KUR’AN’IN DİLİ YERLİ VE MİLLİ BİR DİL Mİ?
Bu arada yerli ve milli eğitim diye bir söylem var. Şahsen ben bu sözün de tam olarak doğru olduğu kanaatinde değilim. Tekstilin ve arabanın yerlisi olabilir ama biz eğitim için aynı şeyi söyleyemeyiz. Tevhid dininin tebliğcileri yani peygamberleri düşünelim. Mesela Hz. İbrahim’in mesajı yerli miydi? Hz. Musa ve Hz. İsa için de aynı soruyu sorabiliriz. Kur’an’ın dili mesela, yerli ve milli bir dil mi? Elbette ki hayır, cihanşümul yani evrensel bir dildir. Günümüzde yaşadığımız bütün sorunların temelinde de böyle bir eksiklik var. Kalplerimizde manevi bir yasakçı yok. İşte biz bunu ancak böyle bir eğitim sistemi ile gerçekleştirebiliriz.
DİNLE BİLİM AYRI KONULAR DEĞİLDİR
Bazıları dinle bilimin ayrı ayrı konular olduğu ve birbirine karıştırılmaması gerektiğini söylüyorlar. Bu da kanaatimce yanlış bir düşüncedir. Bu konu çok önemli ve mutlaka sahip çıkılması gereken bir meseledir. Buna sahip çıkılmadığı için bugün İslam alemindeki gençlerimiz maalesef ellerimizden kayıp gidiyor. Aile hayatında boşanmalar ve aldatmalar ve daha birçok problemin temelinde de bu sorun vardır. Ben bu meseleyi Diyanet İşleri Başkanımıza da arzettim. Kur’an-ı Kerim’deki düşünmeye sevk eden bu kevni ayetlere din adamlarımızın vaaz ve hutbelerinde daha çok yer vermeleri gerektiğini kendilerine söyledim. Yine başa dönecek olursam bizim yapmamız gereken en önemli iş bu sudaki bu zehiri çıkarmaktır.
”PEDAGOJİ Mİ, İDEOLOJİ Mİ, FITRAT MI ÖN PLANA ÇIKMALI?
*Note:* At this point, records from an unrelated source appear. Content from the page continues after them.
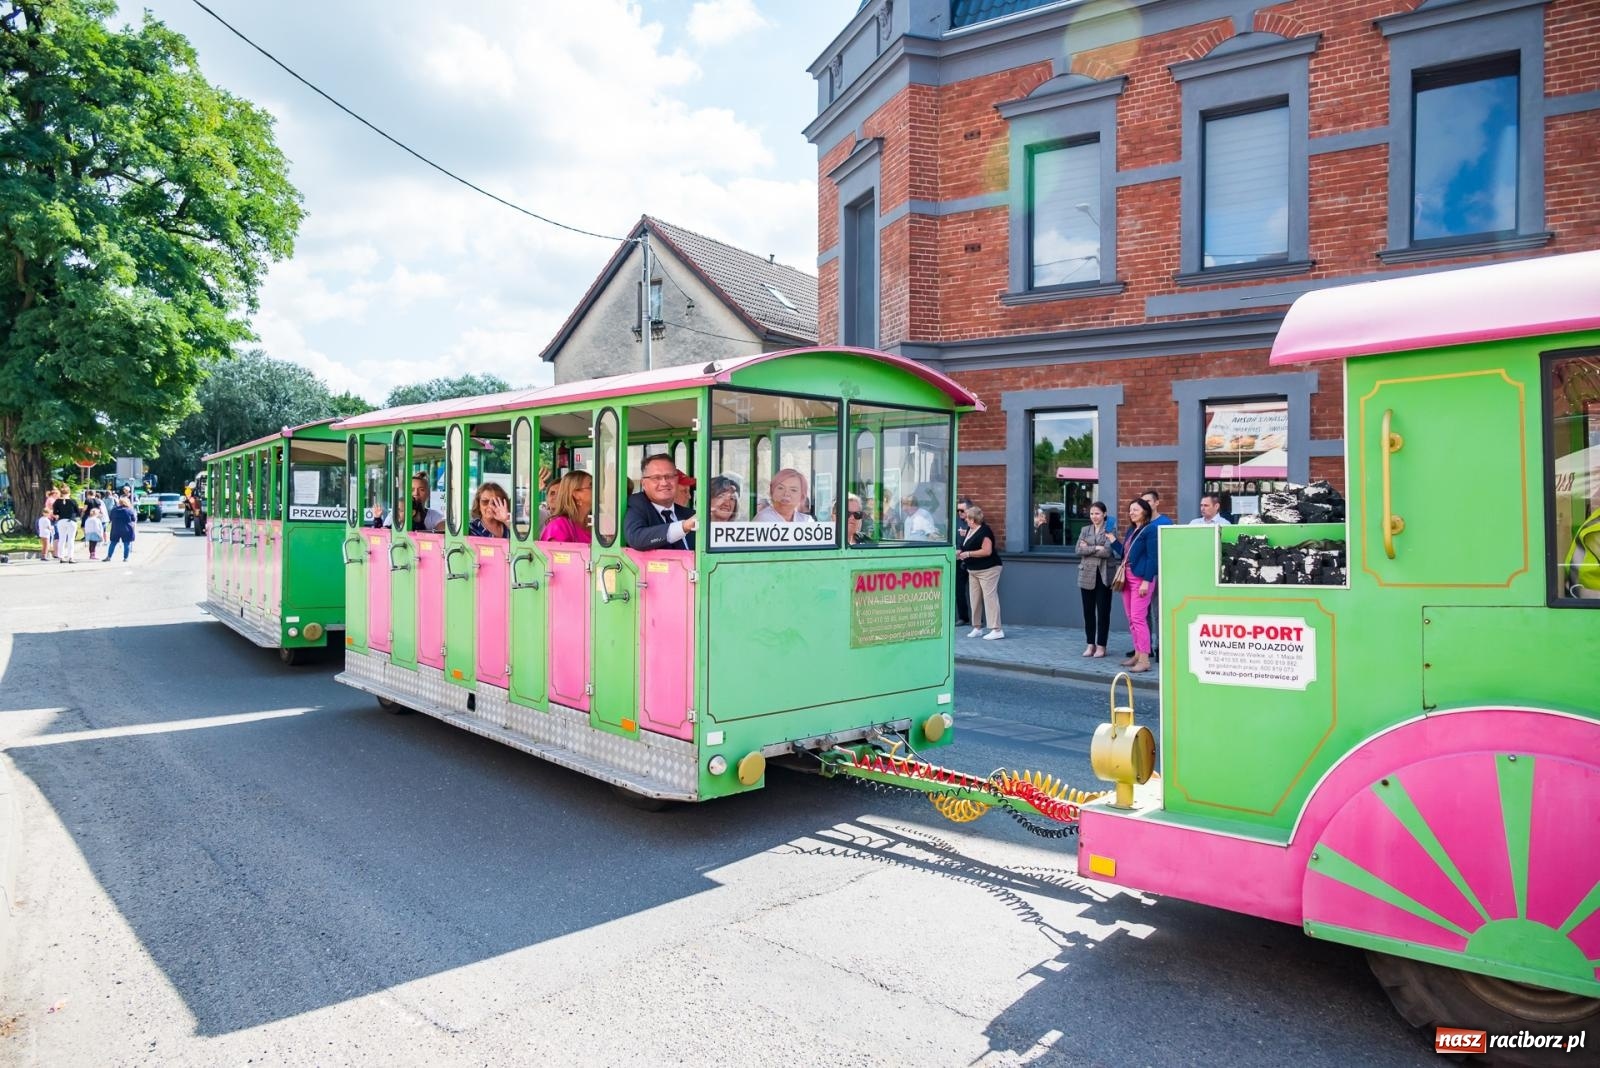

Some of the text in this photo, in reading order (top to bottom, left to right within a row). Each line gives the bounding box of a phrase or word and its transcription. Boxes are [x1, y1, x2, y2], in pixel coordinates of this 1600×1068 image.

[292, 508, 347, 518] PRZEWÓZ
[714, 523, 833, 543] PRZEWÓZ OSÓB
[855, 570, 941, 593] AUTO-PORT
[897, 590, 941, 603] POJAZDÓW
[1199, 623, 1304, 642] AUTO-PORT
[1199, 640, 1304, 653] WYNAJEM POJAZDÓW
[1205, 670, 1299, 682] www.auto-port.pietrowice.pl
Yüce, “Çocuklara 14 yaşına kadar hiçbir soyut kavramın öğretilmemesi gerektiğine dair bir görüş de var. Bu durumda bizim pedagojiyi mi, ideolojiyi mi yoksa fıtratı mı ön plana çıkarmamız gerekiyor?” şeklinde soruyu da şöyle cevapladı:
“Bu soruya elbette fıtratı ön plana çıkarmamız gerekiyor şeklinde cevap verebiliriz. İnsan fıtratında acizlik, fakirlik ve zayıflık gibi özellikler vardır. Bugün ilaç sektörünün verilerine göre satılan ilaçların yüzde yetmişinin antidepresan olması bize bu gerçeği, yani insan fıtratının bozulmuş olduğunu göstermektedir. Biz eğer eğitimde bu gerçeği konuşacaksak, bunu aslında bütün alanlar için de konuşmalıyız. Yani medyasıyla, siyasetçisiyle, din adamıyla hatta ebeveynlerin diliyle. Çünkü bunların hepsi bir bütündür. Çizgi filmlerde yer alan çoğu şiddete, öldürmeye, yaralamaya ve benzeri kötü fiillere dayanan sahneler de bu çerçevede ele alınmalıdır. Ebeveynler çocuklarından sorumludur. Onlara da bu konuda büyük sorumluluk düşmektedir. Hatta bu işin önemini vurgulamak için şöyle bir şey söylemek mümkündür. Bu dediğimiz mesele en az farz ibadetler kadar önemli bir iştir.”
”BİZ MÜSLÜMAN MIYIZ, DEĞİL MİYİZ?“
Aslında herkesin bir numaralı meselesinin bu olması gerekiyor. Yani dünyalık menfaati bir tarafa bırakıp bu meseleye öncelik verilmesi gerekiyor. Tekrar aynı soruyu soracağım. Biz Müslüman mıyız, değil miyiz? Eğer müslümansak bunu lafla değil yaşayarak göstermeli ve gereğini yapmalıyız. Burada söylemden çok, bizzat yapmanın bir mana ifade ettiğini belirtmek lazım. Yine burada ahlaklı olmakla ilgili de önemli bir duruma dikkat çekmemiz gerekiyor. O da toplumumuzda fahiş fiyat, stokçuluk ve ürünlerde sahtecilik gibi birçok olumsuz fiillerin altında yatan ana sebebin bu olduğudur.